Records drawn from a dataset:
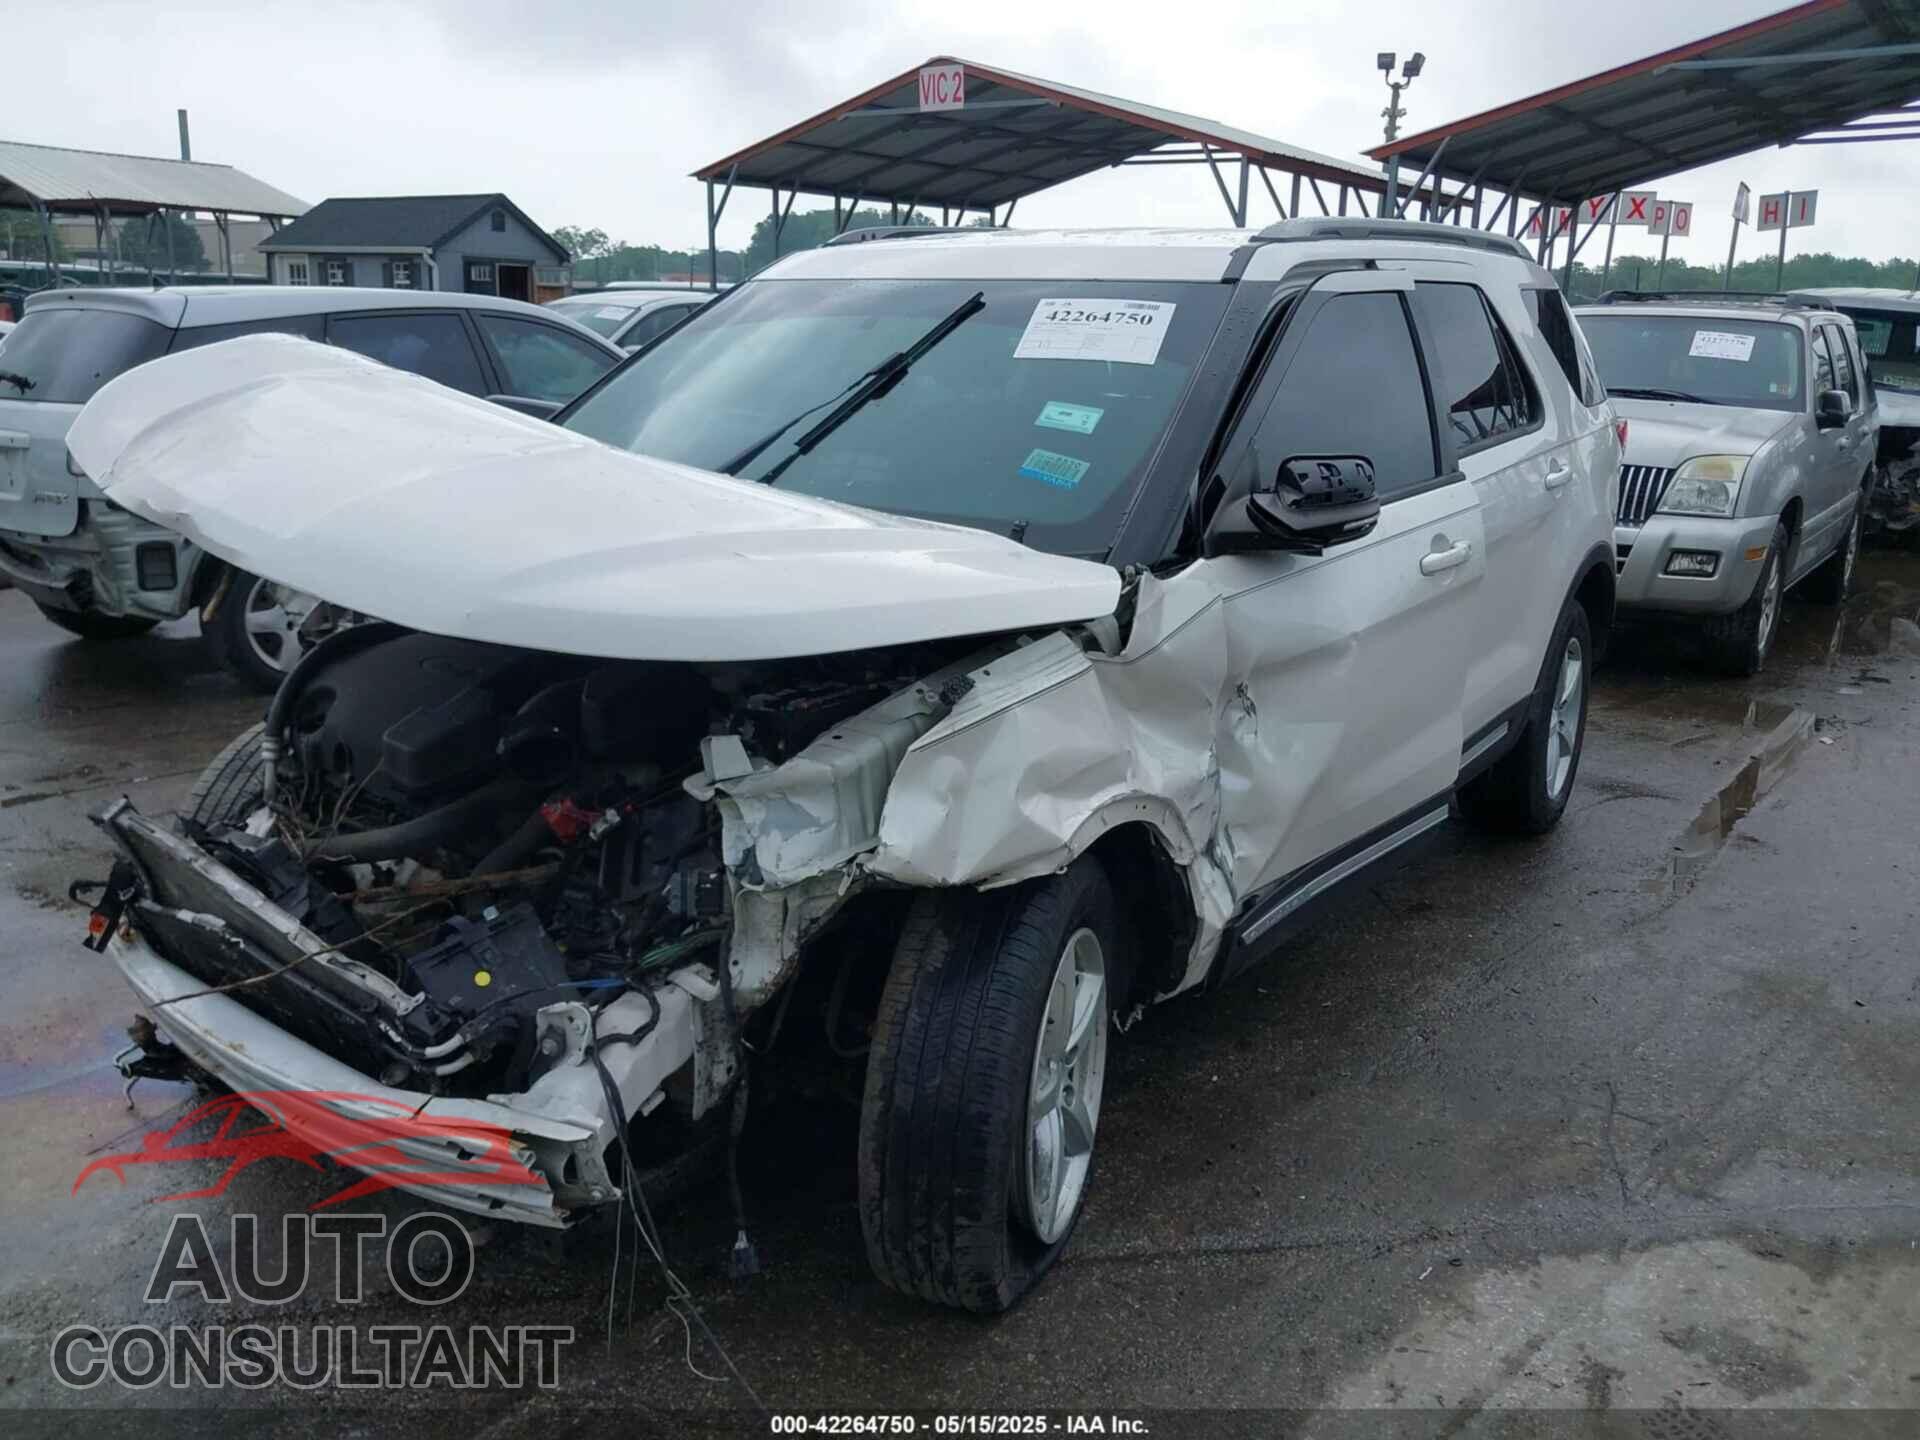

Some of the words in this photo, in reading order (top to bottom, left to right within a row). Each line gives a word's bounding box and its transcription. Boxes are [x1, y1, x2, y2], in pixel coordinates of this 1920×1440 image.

[920, 72, 948, 105] VIC
[952, 71, 962, 104] 2
[1588, 197, 1605, 218] Y
[1627, 197, 1647, 219] X
[1654, 207, 1665, 225] P
[1764, 200, 1779, 225] H
[1045, 309, 1153, 326] 42264750

:: What the exercise asks ::
In the copy, include no pictures; otherwise transcribe the entries exactly.

:: Solution for this exercise ::
Some of the words in this photo, in reading order (top to bottom, left to right within a row). Each line gives a word's bounding box and its transcription. Boxes are [x1, y1, x2, y2], in pixel coordinates of this 1920×1440 image.

[920, 72, 948, 105] VIC
[952, 71, 962, 104] 2
[1588, 197, 1605, 218] Y
[1627, 197, 1647, 219] X
[1654, 207, 1665, 225] P
[1764, 200, 1779, 225] H
[1045, 309, 1153, 326] 42264750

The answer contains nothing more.